There has been little investigation of bacteria as gene delivery vectors. Here, we demonstrate that genetically engineered
Salmonella have many of the desirable properties of a delivery vector, including targeting of multiple tumors from a distant
inoculation site, selective replication within tumors, tumor retardation, and the ability to express effector genes, such as the
herpes simplex virus thymidine kinase (HSV TK). When wild-type Salmonella were introduced into melanoma-bearing mice,
the bacteria were found within the tumor at levels exceeding 10(9) per g, although as pathogens, they caused the death of the
mice. However, when attenuated, hyperinvasive auxotrophic mutants were used, the tumor-targeting and amplification
phenomena were retained, whereas their pathogenicity was limited.
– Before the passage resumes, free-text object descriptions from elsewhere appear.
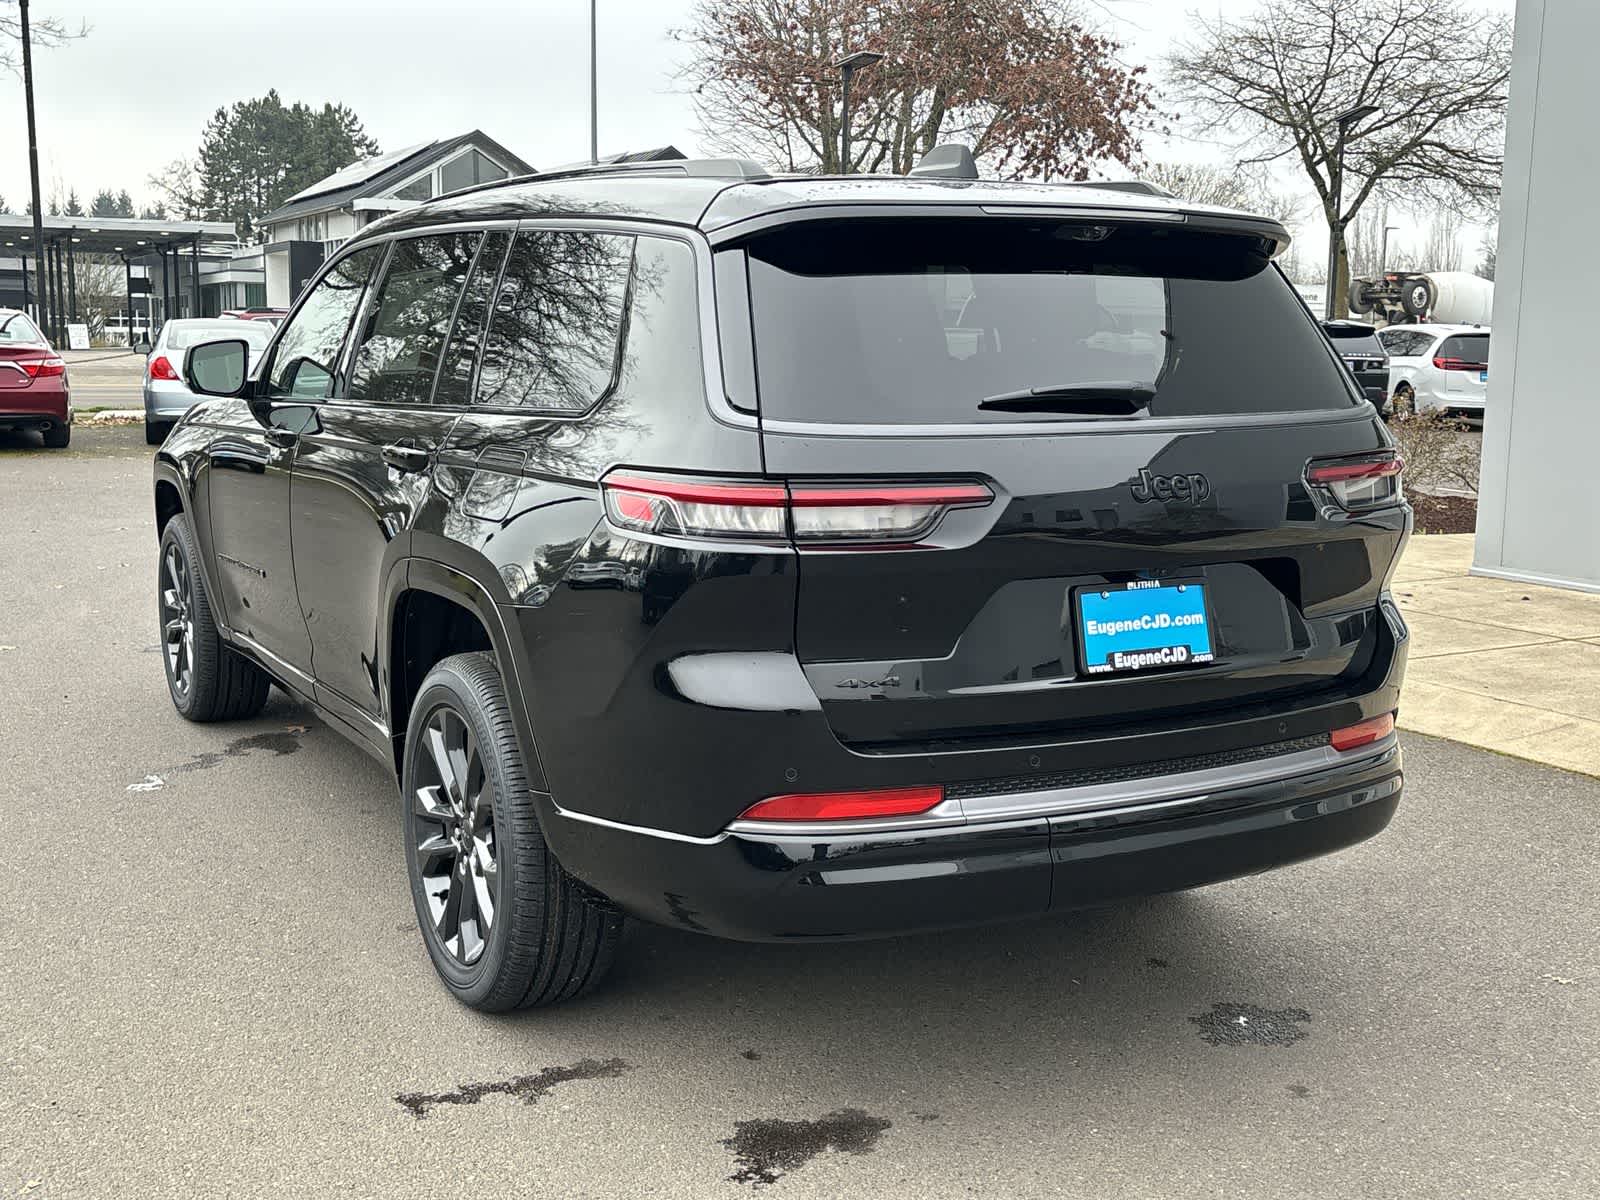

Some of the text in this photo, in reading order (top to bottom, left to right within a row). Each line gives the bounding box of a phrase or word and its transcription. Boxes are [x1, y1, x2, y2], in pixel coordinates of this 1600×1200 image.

[1130, 468, 1210, 507] Jeep
[1086, 613, 1204, 636] EugeneCJD.com
[1114, 646, 1187, 669] EugeneCJD
[1191, 653, 1214, 663] .com
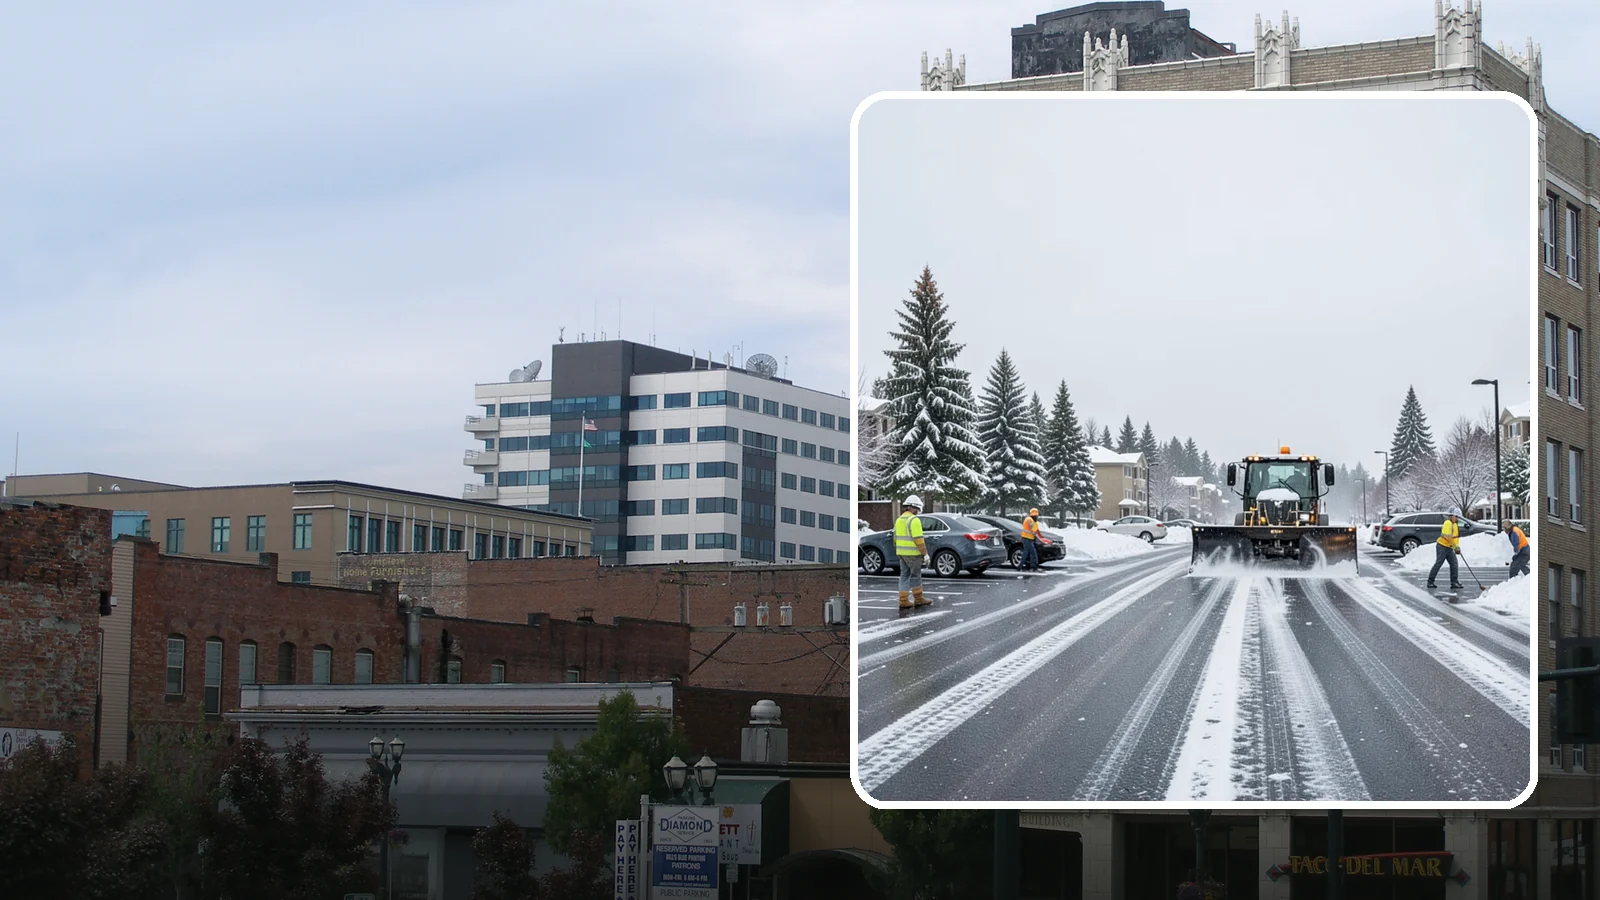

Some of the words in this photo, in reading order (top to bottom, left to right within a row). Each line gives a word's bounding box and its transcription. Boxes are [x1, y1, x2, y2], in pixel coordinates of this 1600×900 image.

[343, 567, 368, 577] Home
[660, 818, 713, 833] DIAMOND
[1022, 815, 1070, 828] BUILDING
[617, 825, 625, 852] PAY
[628, 824, 636, 852] PAY
[656, 845, 688, 853] RESERVED
[689, 846, 716, 854] PARKING
[627, 856, 636, 893] HERE
[1346, 856, 1385, 875] DEL
[1392, 857, 1442, 876] MAR
[616, 856, 625, 894] HERE
[660, 889, 682, 897] PUBLIC
[683, 889, 710, 898] PARKING
With such attenuated strains, the tumor:liver ratios ranged
between 250:1 and 9000:1. When these auxotrophs were inoculated i.p. into C57B6 mice bearing B16F10 melanomas, they
suppressed tumor growth and prolonged average survival to as much as twice that of untreated mice. A plasmid containing the
HSV TK gene with a beta-lactamase secretion signal was constructed that, when expressed, resulted in translocation to the
periplasm and phosphorylation of the prodrug ganciclovir. Melanoma-bearing animals inoculated with HSV TK-expressing
Salmonella showed ganciclovir-mediated, dose-dependent suppression of tumor growth and prolonged survival in addition to
that seen with bacteria alone. The results demonstrate that attenuated Salmonella would be useful both for inherent antitumor
activity and delivery of therapeutic proteins to cancer cells in vivo.